> TASK DETAILS
In your copy, leave out the pictures and repeat the entries below exactly.

Annotated photo localization data
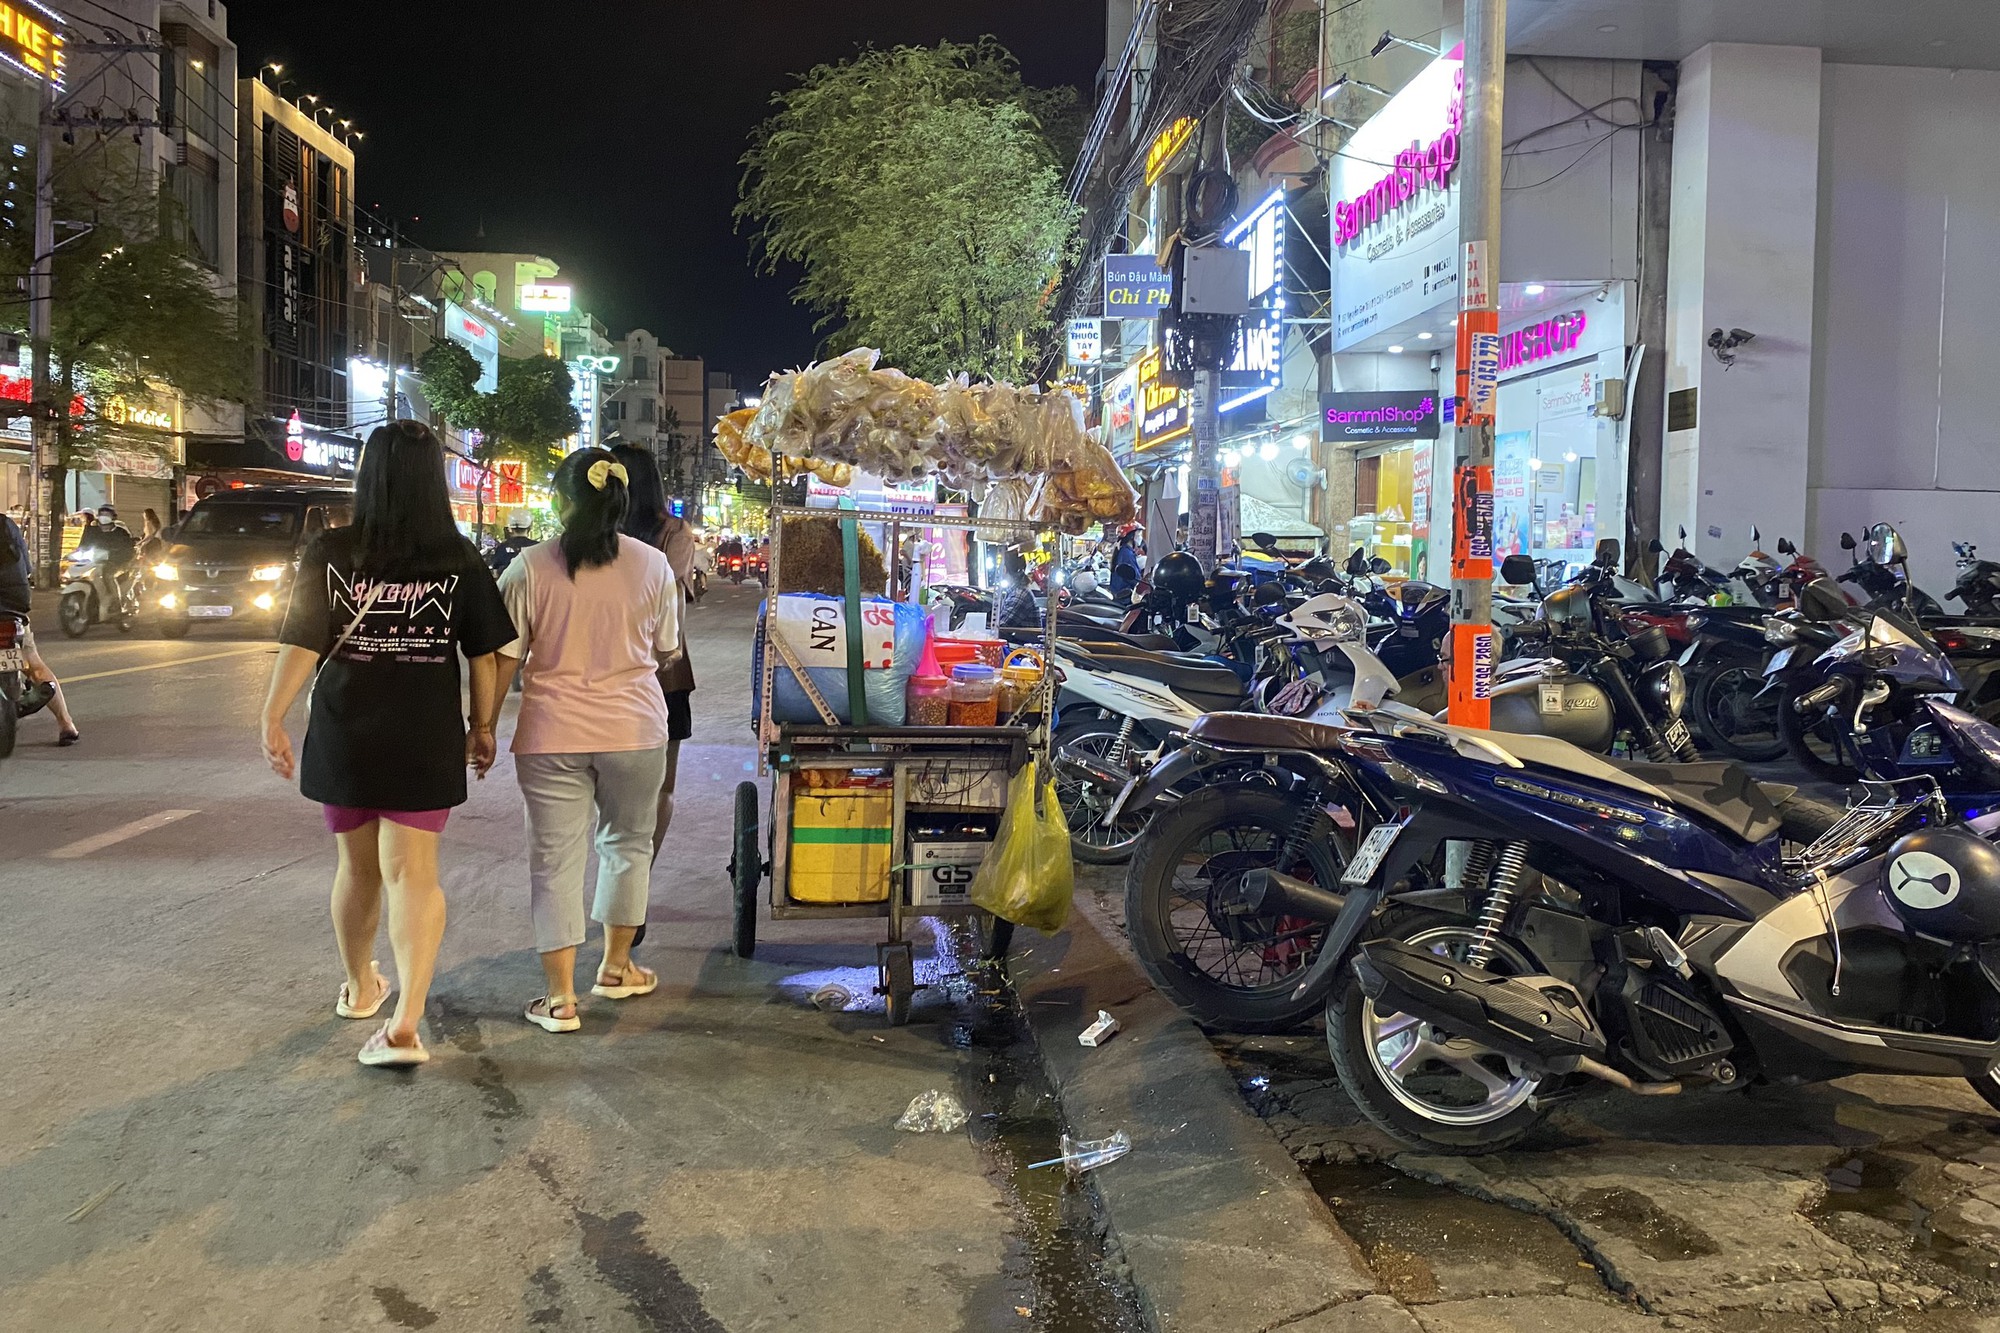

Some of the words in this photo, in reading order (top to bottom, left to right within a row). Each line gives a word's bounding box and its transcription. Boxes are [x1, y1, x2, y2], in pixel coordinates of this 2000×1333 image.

[1335, 128, 1458, 245] SammiShop
[284, 245, 292, 322] aka
[1107, 271, 1126, 282] Bún
[1128, 271, 1147, 284] Đậu
[1109, 287, 1141, 305] Chí
[1327, 406, 1424, 424] SammiShop
[1344, 426, 1374, 434] Cosmetic
[1375, 425, 1381, 434] &
[1382, 425, 1418, 433] Accessories
[329, 443, 354, 462] HOUSE
[810, 606, 838, 652] CAN
[932, 866, 973, 884] GS
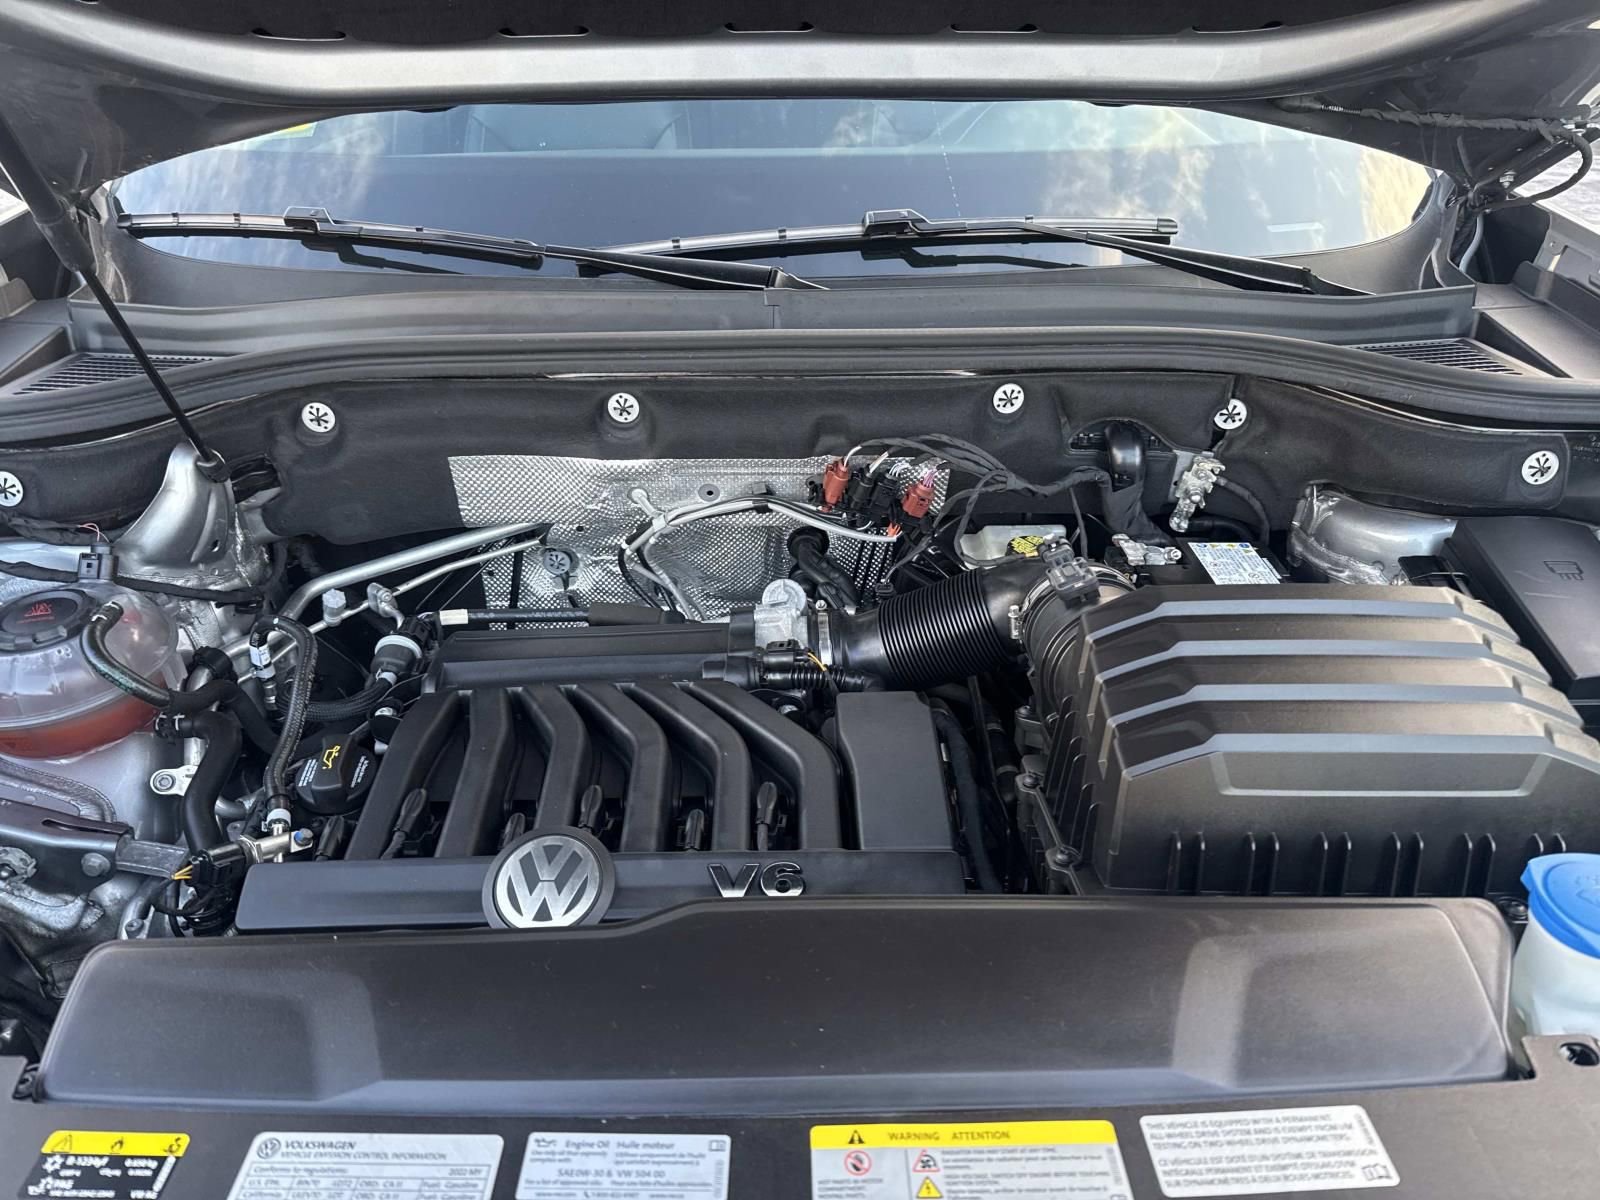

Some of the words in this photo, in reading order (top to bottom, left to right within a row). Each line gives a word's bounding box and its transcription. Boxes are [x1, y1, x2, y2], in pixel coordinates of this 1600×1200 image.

[708, 861, 806, 898] V6
[888, 1132, 940, 1141] WARNING
[951, 1130, 1010, 1141] ATTENTION
[286, 1140, 357, 1150] VOLKSWAGEN
[565, 1139, 595, 1150] Engine
[597, 1140, 610, 1149] Oil
[616, 1140, 641, 1149] Huile
[642, 1141, 676, 1149] moteur
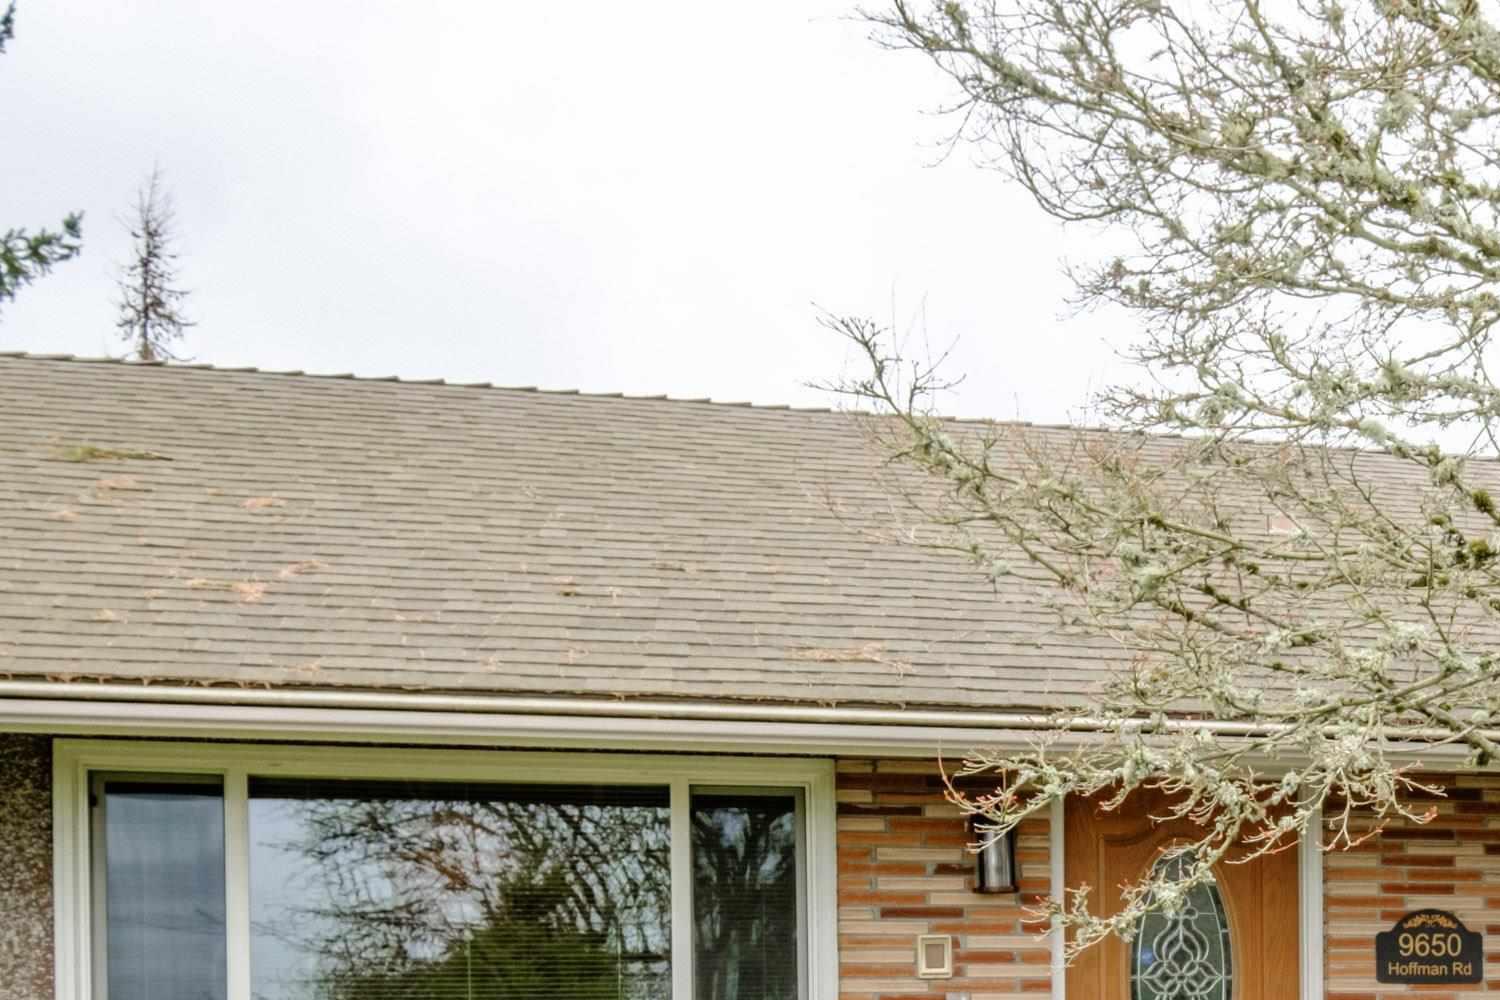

> SOLUTION TO THIS EXERCISE
Some of the words in this photo, in reading order (top to bottom, left to right within a row). Each line gives a word's bounding box and its transcription. Boxes are [x1, y1, x2, y2], in pixel coordinates of this 2000×1333 image.

[1335, 128, 1458, 245] SammiShop
[284, 245, 292, 322] aka
[1107, 271, 1126, 282] Bún
[1128, 271, 1147, 284] Đậu
[1109, 287, 1141, 305] Chí
[1327, 406, 1424, 424] SammiShop
[1344, 426, 1374, 434] Cosmetic
[1375, 425, 1381, 434] &
[1382, 425, 1418, 433] Accessories
[329, 443, 354, 462] HOUSE
[810, 606, 838, 652] CAN
[932, 866, 973, 884] GS

Some of the words in this photo, in reading order (top to bottom, left to right within a row). Each line gives a word's bounding box and its transcription. Boxes are [x1, y1, x2, y2], in pixel coordinates of this 1600×1200 image.

[708, 861, 806, 898] V6
[888, 1132, 940, 1141] WARNING
[951, 1130, 1010, 1141] ATTENTION
[286, 1140, 357, 1150] VOLKSWAGEN
[565, 1139, 595, 1150] Engine
[597, 1140, 610, 1149] Oil
[616, 1140, 641, 1149] Huile
[642, 1141, 676, 1149] moteur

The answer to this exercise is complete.